'I cried so much that I couldn't sleep. I lied there on my cold lonely mattress and all I could think about was the feeling of Victor's lips on mine. His hands craving to touch my body more. His words flooded my senses as he fooled me into thinking he.... he...?' I stop typing to try wiping off my fogged up glasses. Looking into the mirror beside the wall it had bestowed apon me 'Why am I getting upset? He never said he shared the same feelings as me? He didn't try to fool or deceive me...?' Bitting down on my lip I toss the laptop onto the floor causing a huge breaking noise to fill the air.

I feel the pain within my chest sharpen and I bite down onto my lips to avoid throwing up. I lay down on the bed and pull my phone back out. The screen lights up and missed calls and messages from Victor pops once. 'I have no right to be upset? So why is he trying to clear himself from any wrong doing?'

"I'm heading over there. Don't do anything stupid."

'Does he HONESTLY think that the world revolves around him. He thinks I'll kill myself over him?' I look over and stare at the shards of broken glass from my laptop screen 'I've been through a lot... you have no idea...' Slowly I get up and walk into the restroom instead 'But your betrayal was the tip of the iceberg.' I turn on the lights to look at myself but there I am, my disgusting self 'I've been sexually harassed by my father. I don't need you and your selfish hands running through my body.'

I make a fist and punch the glass as hard as I can causing a shock of pain to go through my arm 'My parents, after arguing all day, come to me in the middle of the night and whisper that everything will be alright. So, I don't need your hot ass breath whispering sweet nothings into my ears.' After a few more tries the glass finally starts to break and I look at myself all distorted 'There are plenty of more reasons to hate myself but, of course no one would want to listen.' I grab my hand mirror from the self and slam it into the floor 'Just know I can't even look myself in the mirror anymore.'

"They all took the privilege away from me... everyone!" I shout loudly and start to break every and any mirror I can find in my room.

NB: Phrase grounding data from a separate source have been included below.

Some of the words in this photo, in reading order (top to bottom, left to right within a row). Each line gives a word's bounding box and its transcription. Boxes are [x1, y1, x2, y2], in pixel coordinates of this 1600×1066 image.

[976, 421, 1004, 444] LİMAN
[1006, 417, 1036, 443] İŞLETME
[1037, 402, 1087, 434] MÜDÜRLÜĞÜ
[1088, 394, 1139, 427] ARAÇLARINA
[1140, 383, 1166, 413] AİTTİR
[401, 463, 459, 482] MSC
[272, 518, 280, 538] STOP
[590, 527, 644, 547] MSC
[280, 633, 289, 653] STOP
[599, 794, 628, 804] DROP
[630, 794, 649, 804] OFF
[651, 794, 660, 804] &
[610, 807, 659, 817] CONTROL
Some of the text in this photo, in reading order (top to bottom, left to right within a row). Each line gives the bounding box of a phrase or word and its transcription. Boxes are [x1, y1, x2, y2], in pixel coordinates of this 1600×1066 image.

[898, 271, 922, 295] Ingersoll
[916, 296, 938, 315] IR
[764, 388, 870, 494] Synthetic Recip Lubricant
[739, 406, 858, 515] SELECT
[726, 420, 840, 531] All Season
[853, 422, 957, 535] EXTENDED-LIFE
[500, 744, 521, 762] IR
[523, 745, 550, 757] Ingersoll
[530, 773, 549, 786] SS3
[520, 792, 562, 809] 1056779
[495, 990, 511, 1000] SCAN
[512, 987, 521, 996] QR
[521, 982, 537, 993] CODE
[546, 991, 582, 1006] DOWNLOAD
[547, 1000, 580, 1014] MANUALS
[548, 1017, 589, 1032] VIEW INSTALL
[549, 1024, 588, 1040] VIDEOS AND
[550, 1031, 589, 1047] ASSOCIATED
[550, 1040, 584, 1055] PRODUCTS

Suddenly there is a loud knocking on the door as I fall back into the pile of broken shards. Piercing my entire back I don't even cry out in pain for my feelings make me numb.

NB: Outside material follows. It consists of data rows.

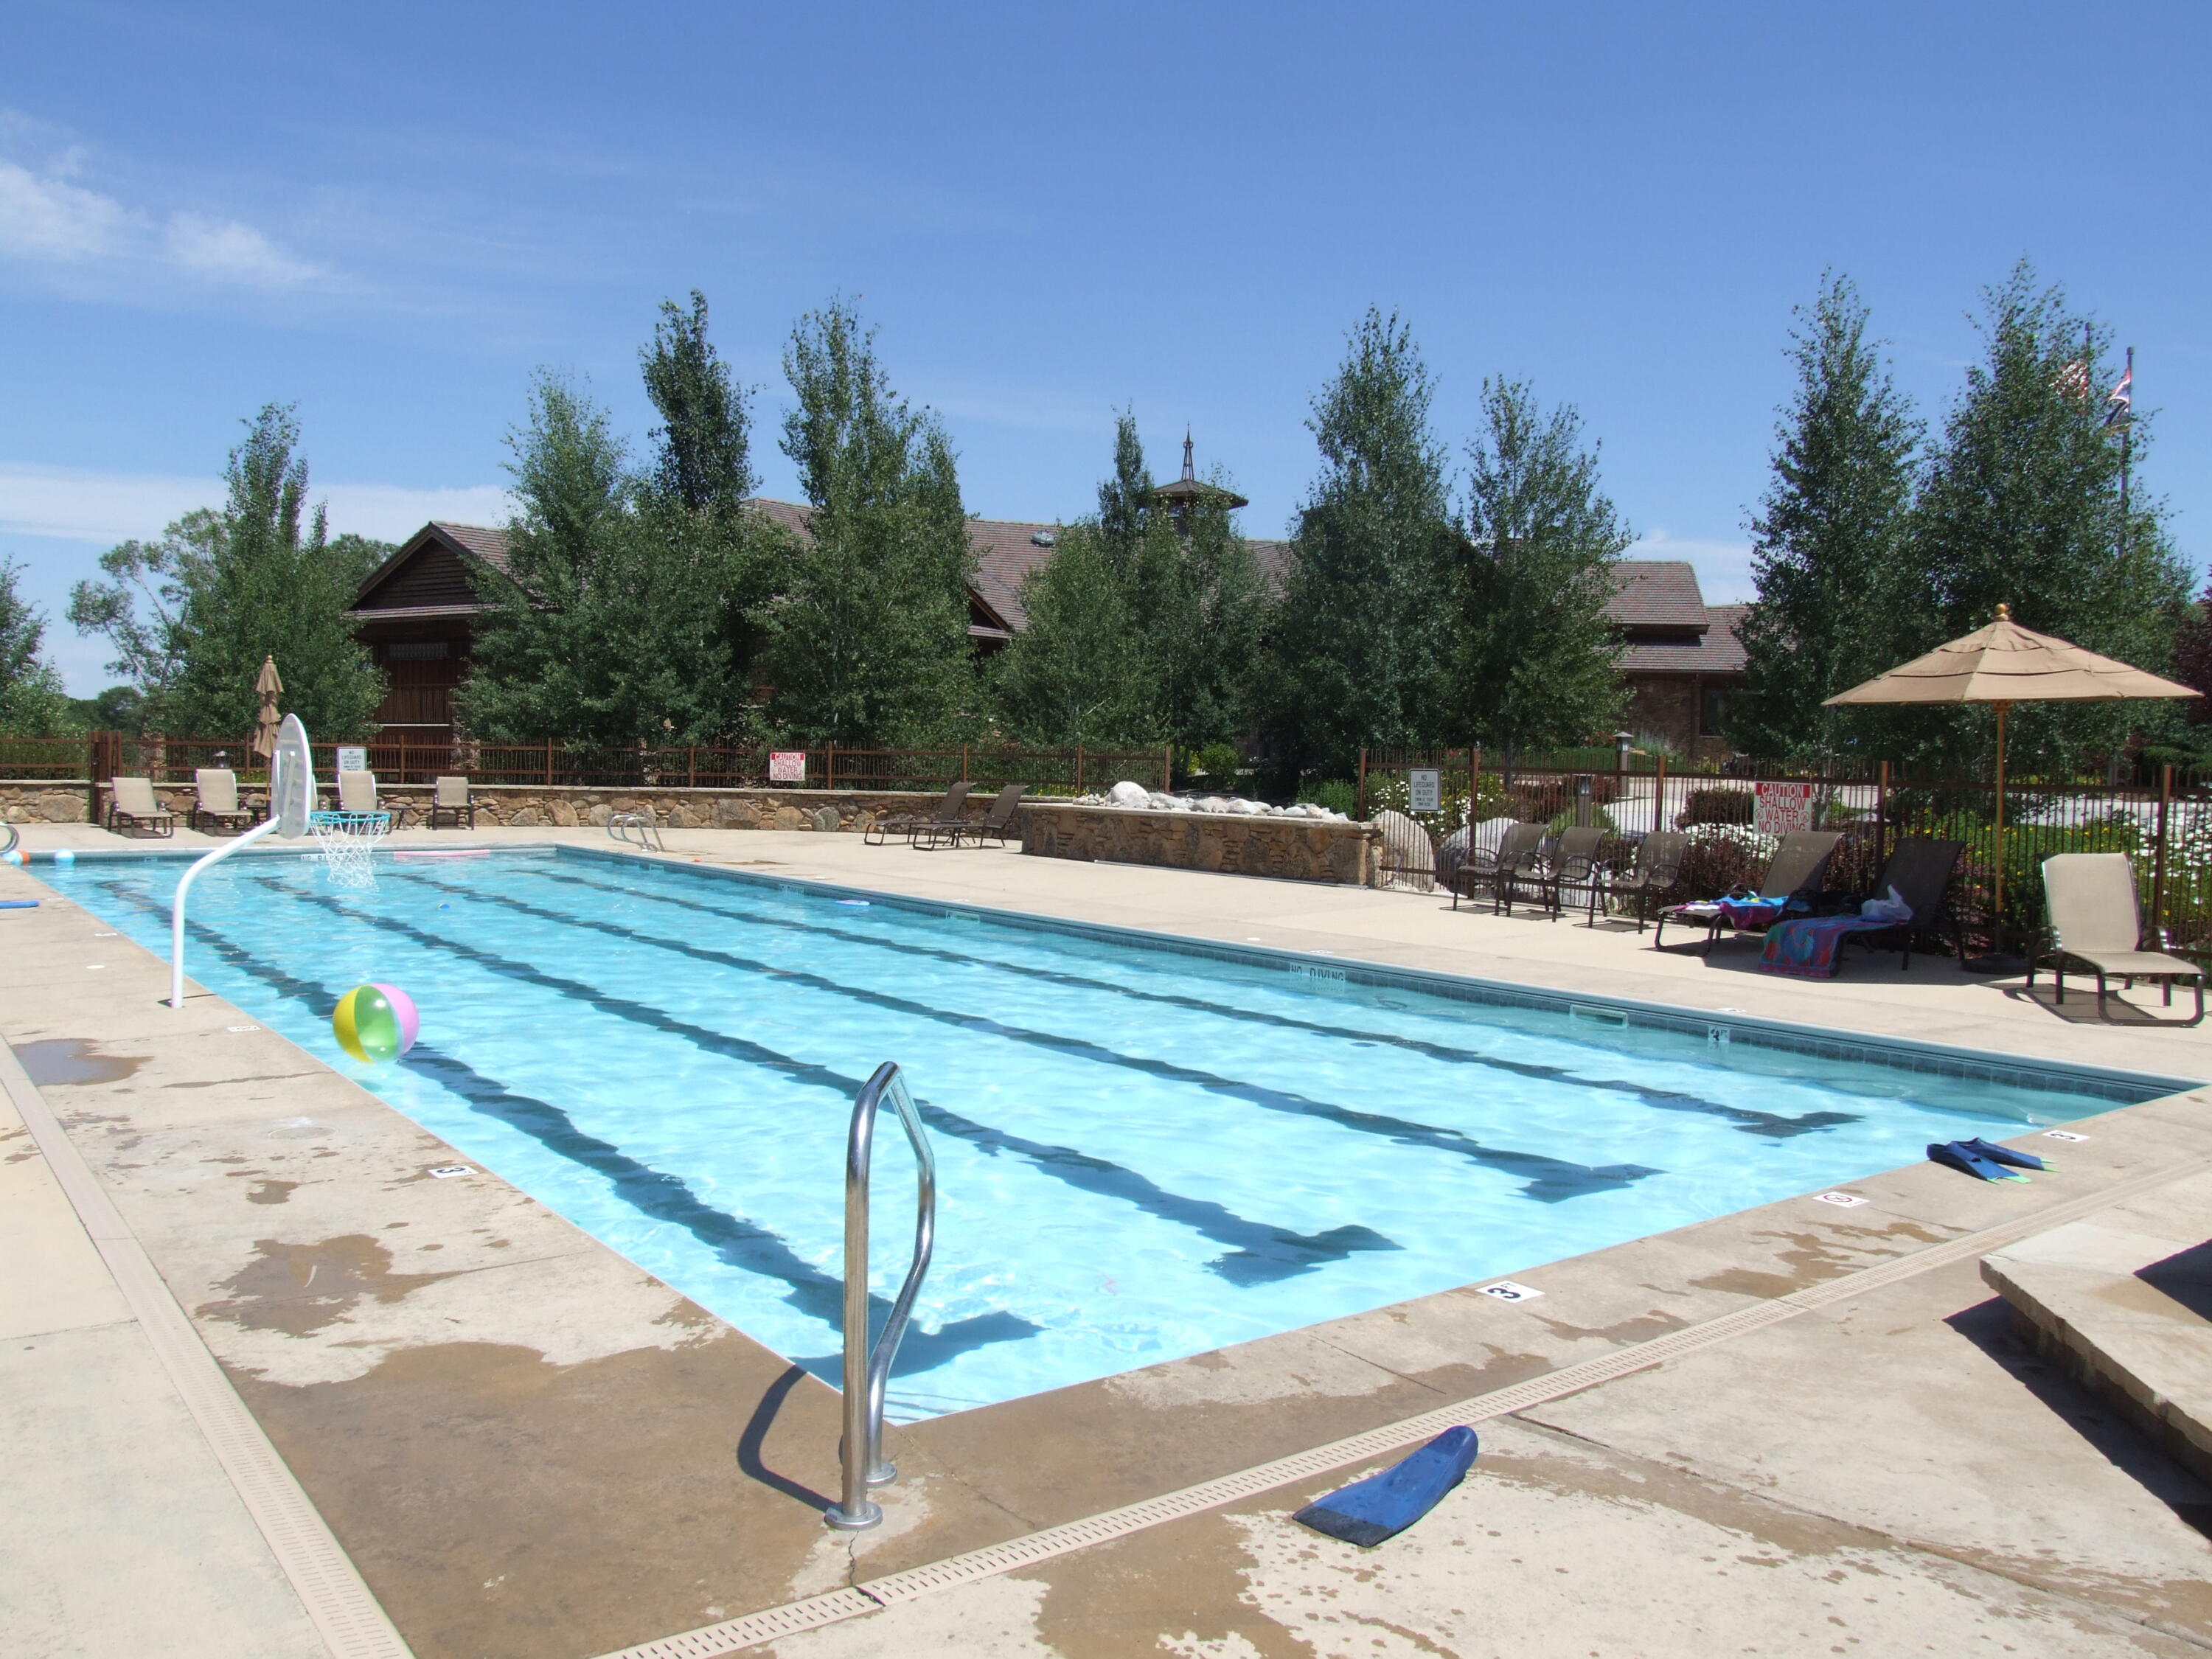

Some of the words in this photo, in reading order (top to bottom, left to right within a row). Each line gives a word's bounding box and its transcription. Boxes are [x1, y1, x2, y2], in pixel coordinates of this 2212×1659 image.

[1761, 783, 1804, 798] CAUTION
[1759, 796, 1806, 810] SHALLOW
[1765, 810, 1799, 822] WATER
[1758, 820, 1771, 833] NO
[1774, 821, 1806, 834] DIVING
[1290, 964, 1302, 974] NO
[1310, 967, 1345, 981] DIVING
[1486, 1287, 1522, 1299] 3

"YURI?! ARE YOU IN THERE?!" I hear Victor shouting through the other side as he bangs on the door roughly.

"Go away..." I quietly moan in pain.

"Thank goodness you're okay... Hey, let me in?" The sound of relief goes over his worried tone.

"No." I look at my bloodily wrists and knuckles, some of which still had glass stuck inside the deep cuts "I'm hurt."

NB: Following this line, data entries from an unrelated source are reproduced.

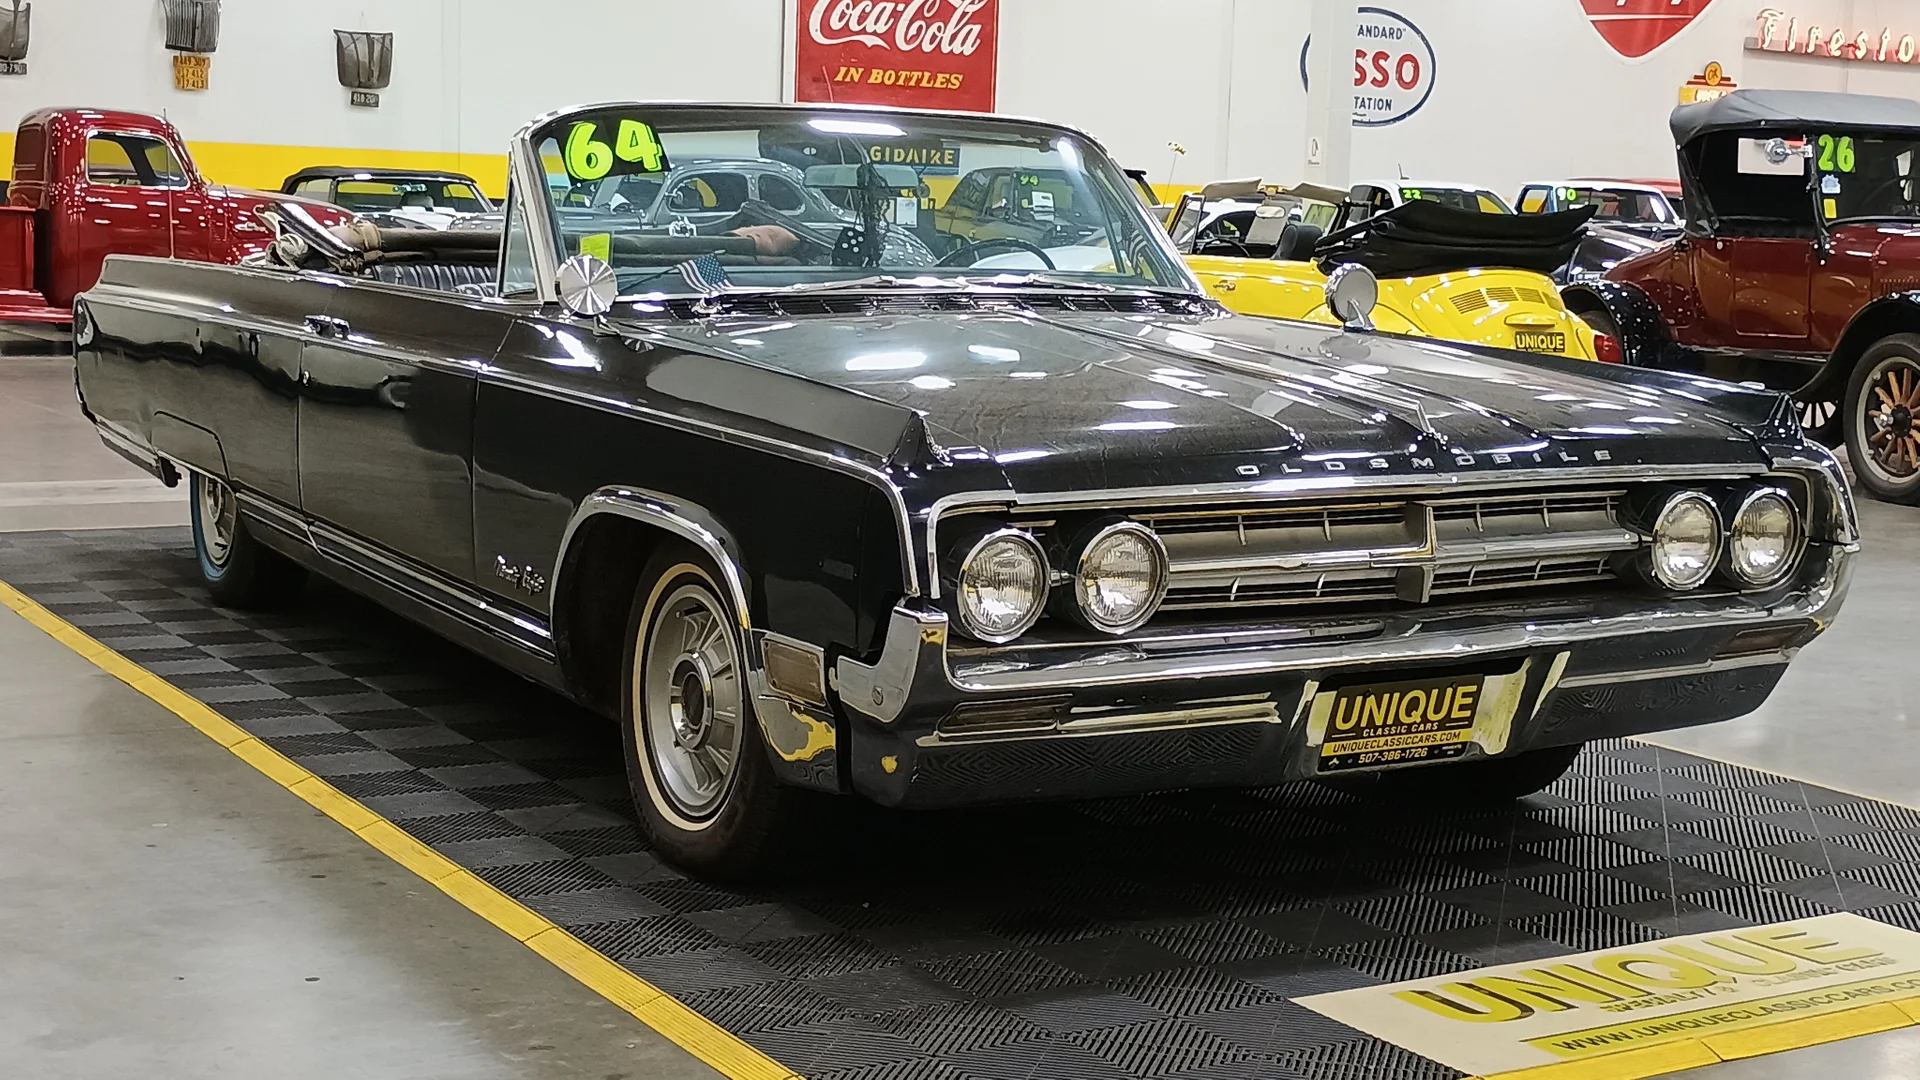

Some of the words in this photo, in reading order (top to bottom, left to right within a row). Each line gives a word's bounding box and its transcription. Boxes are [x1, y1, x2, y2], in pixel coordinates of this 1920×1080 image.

[809, 0, 982, 56] Coca-Cola
[1756, 8, 1916, 63] Firesto
[834, 66, 864, 83] IN
[868, 69, 963, 89] BOTTLES
[1354, 49, 1420, 90] SSO
[1354, 96, 1392, 111] TATION
[565, 119, 663, 180] 64
[1818, 134, 1855, 172] 26
[1516, 333, 1563, 348] UNIQUE
[1236, 450, 1611, 477] OLDSMOBILE
[1335, 685, 1478, 731] UNIQUE
[1332, 731, 1462, 753] UNIQUECLASSICCARS.COM
[1362, 726, 1407, 737] CLASSIC
[1411, 722, 1439, 732] CARS
[1358, 748, 1428, 764] 507-386-1726
[1392, 927, 1885, 1023] UNIQUE
[1551, 979, 1920, 1050] WWW.UNIQUECLASSICCARS.CO

"WHY?! WHAT HAPPENED!!!" His worried tone comes back as he swings the door knob back and forth trying to get it open.

"Why do you care? You don't even love-...." Before I could finish I hear the door being kicked in and it slams open.

Stepping inside with caution Victor sees my lifeless looking body on top of a pile of broken glass shards in a pool of my own blood. Quickly he kneels down next to me and tears well up in his eyes.

"Why are you crying..?" I say weakly.

"I'm sorry... I'm so sorry... please forgive me..." he covers his mouth trying not to cry out.